Avrupa Birliği ile üyelik müzakereleri devam ederken, iktidar, bu ve gibisi kavramları, Kopenhag kriterleri ile ahenk kapsamı içerisinde görüp benimsemeye ve yerine getirmeye eğilimli görünüyordu.

İktidarın kimyası 2013 sonrasında bozuldu ve AK Parti’nin kuruluş devrinde şiddetle eleştirdiği eski iktidarları andıran bir icraata saplanıldı.

Ekonomik istikrarlar son bir-iki yılda yeterlice bozuldu, dolar karşısında TL’nin pahası pula döndü; enflasyon ile çalışanlara ne kadar artırım yapılsa yeniden de onları açlık sonu altında kalmaya mahkum eden kaideler şimdilerde oluştu.

Ancak bu durumdan çıkış için, faizi artırmakla yahut çalışanlara atıfette bulunuyormuş üzere artırımlar yapmakla yetinilemez. Ülkeye yerli üretilenden daha fazla kaynak gerekiyor ve bunu sağlayacak ortamın olmazsa olmazları, üstte saydığım kavramlar ve onların uygulamaya konulmasıdır.

Daha sıkıntı olan ‘nass’ kavramı etrafında şekillenen ‘heterodoks’ politikalardan keskin dönüşü başaran iktidar, artık, çok daha kolay olan reformcu bir yaklaşımla hususları ele almak için gerekli kuralları hayata geçirmeye yanaşmıyor.

Bir mühlet sonra -belki de tam mahallî seçime yaklaşılırken- eskinin üzerine sünger çekerek benimsenen finansal siyasetlerin da ekonomiyi düze çıkarmada fazla işe yaramadığı görülebilir.

Sırf ıslahatlara direnilmesi yüzünden…

Kanun kararında kararnameler (KHK) ile hayatları karartılan çeşitli meslek kümelerinden beşerler var. Ayrıyeten, hiçbir ülke yasasında bulunmayan ve bizde de 15 Temmuz hain darbe teşebbüsüne kadar kimsenin aklına gelmemiş olan ‘iltisak’ kavramının devreye sokulmasıyla cezaevlerinin fazla kapasiteye ulaştığı da bir gerçek.

Çok mu güç?

Bana nazaran, temel sıkıntı olan geride bırakılabildiyse bu da yapılabilir…

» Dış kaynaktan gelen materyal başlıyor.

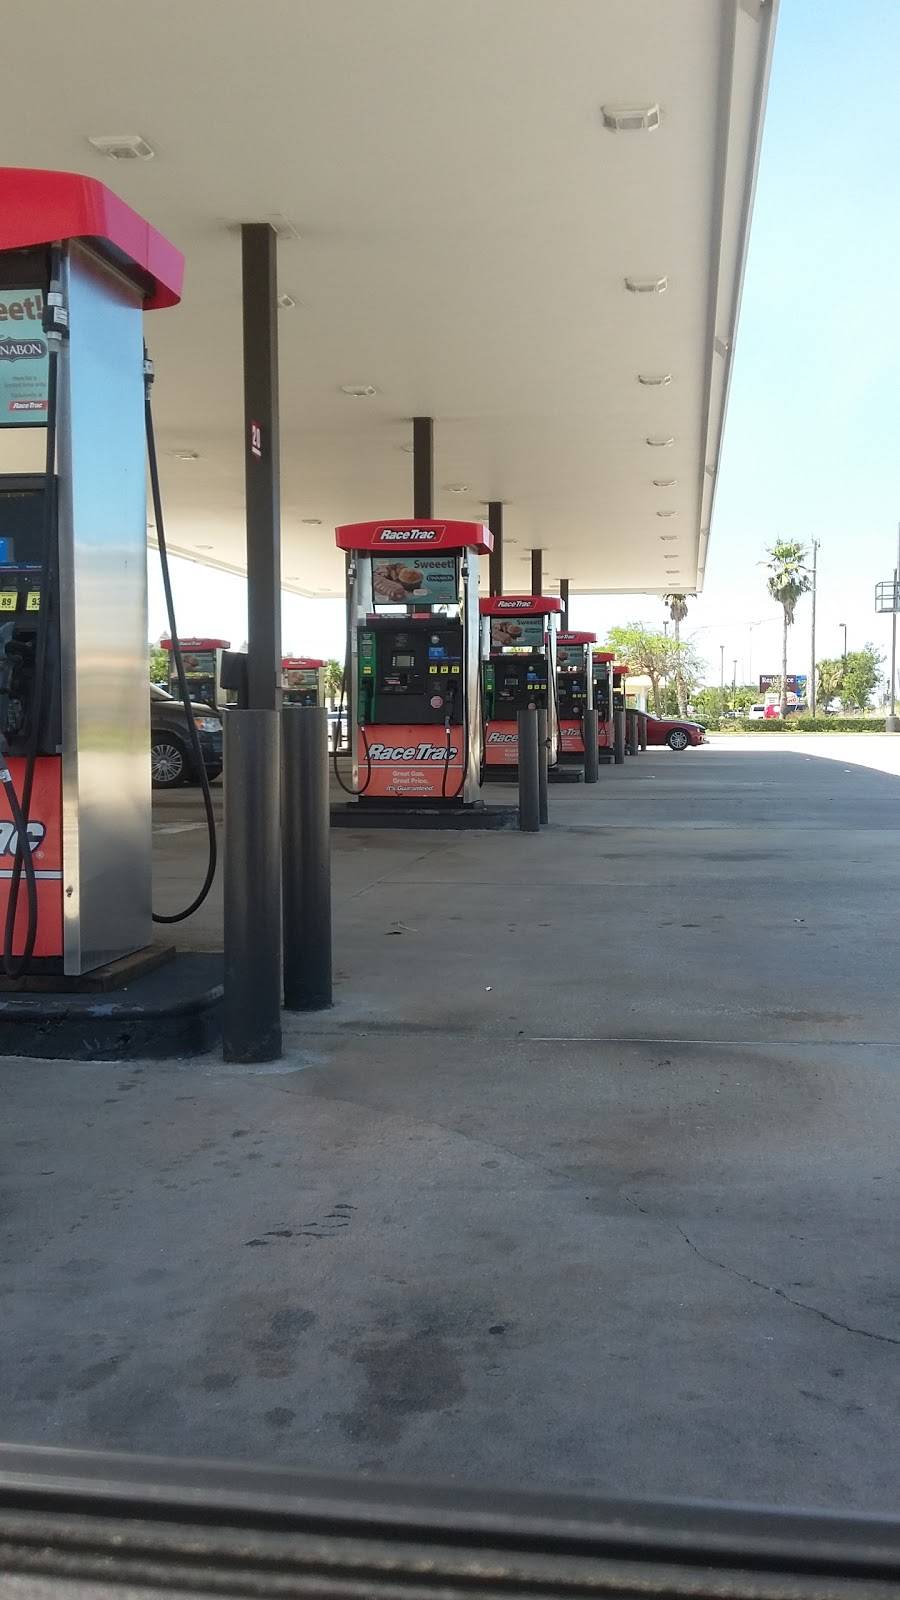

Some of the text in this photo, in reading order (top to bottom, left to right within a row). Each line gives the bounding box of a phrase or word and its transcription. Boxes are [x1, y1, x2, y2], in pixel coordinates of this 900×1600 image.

[380, 529, 437, 541] RaceTrac
[498, 600, 532, 608] RaceTrac
[364, 743, 458, 760] RaceTrac
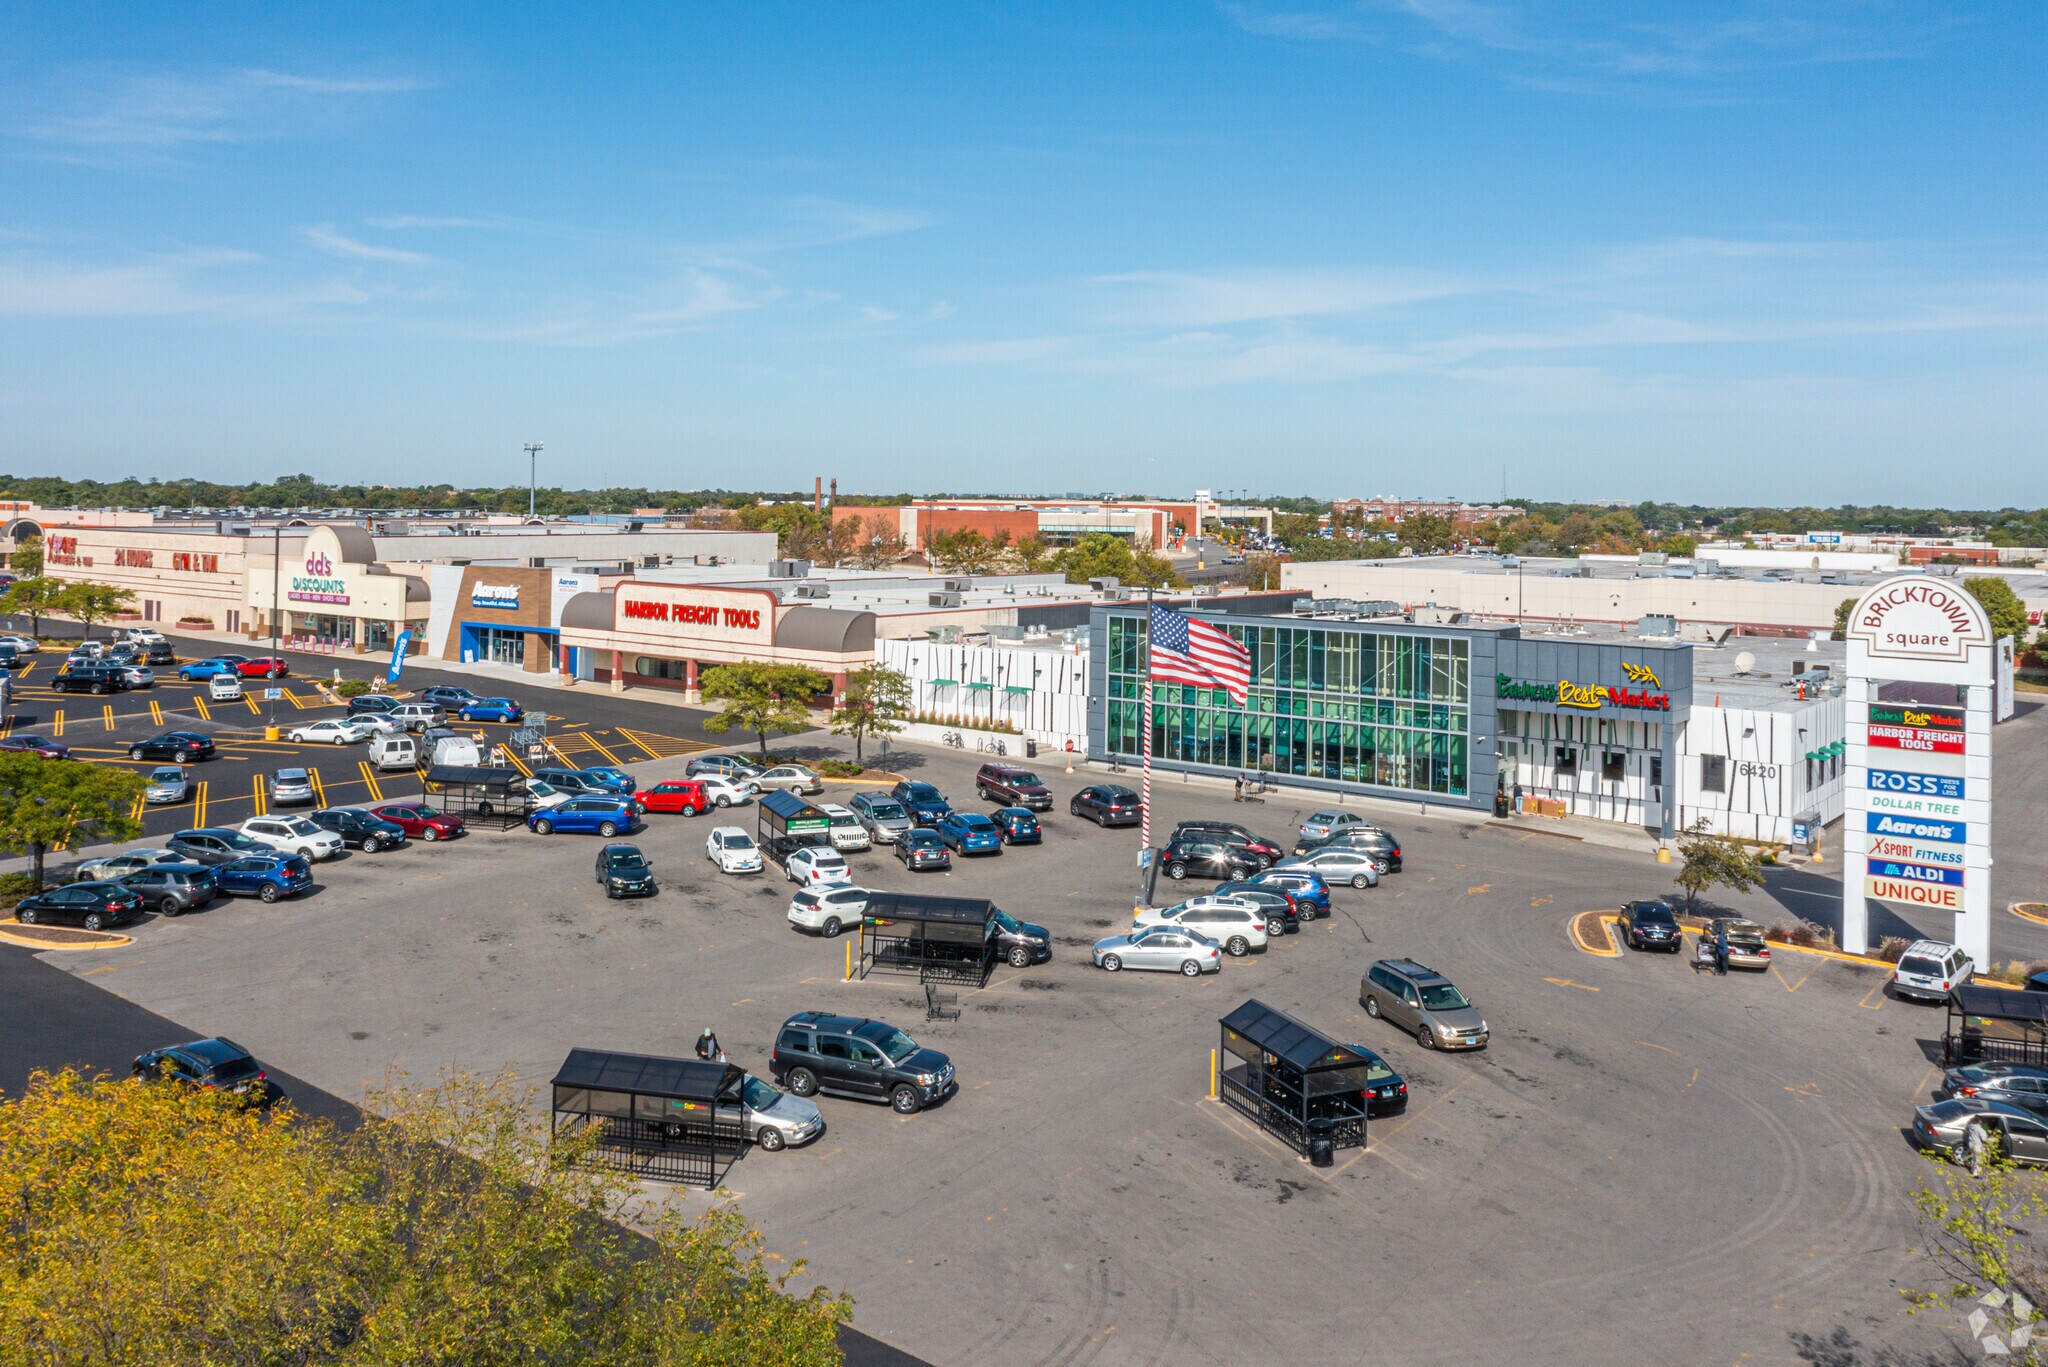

Bu yazı, Fehmi Koru’nun ferdî blogundan alınmıştır. 

0
mutlu
Mutlu
0
_zg_n
Üzgün
0
sinirli
Sinirli
0
_a_rm_
Şaşırmış
0
umursamaz
Umursamaz
Fehmi Koru: Ekonomi teklemeye devam ediyorsa bunun sebebi tavsiyelerin sadece yarısına uyulmasıdır…

Yorumlar kapalı.

Giriş Yap

Fokana Haber ayrıcalıklarından yararlanmak için hemen giriş yapın veya hesap oluşturun, üstelik tamamen ücretsiz!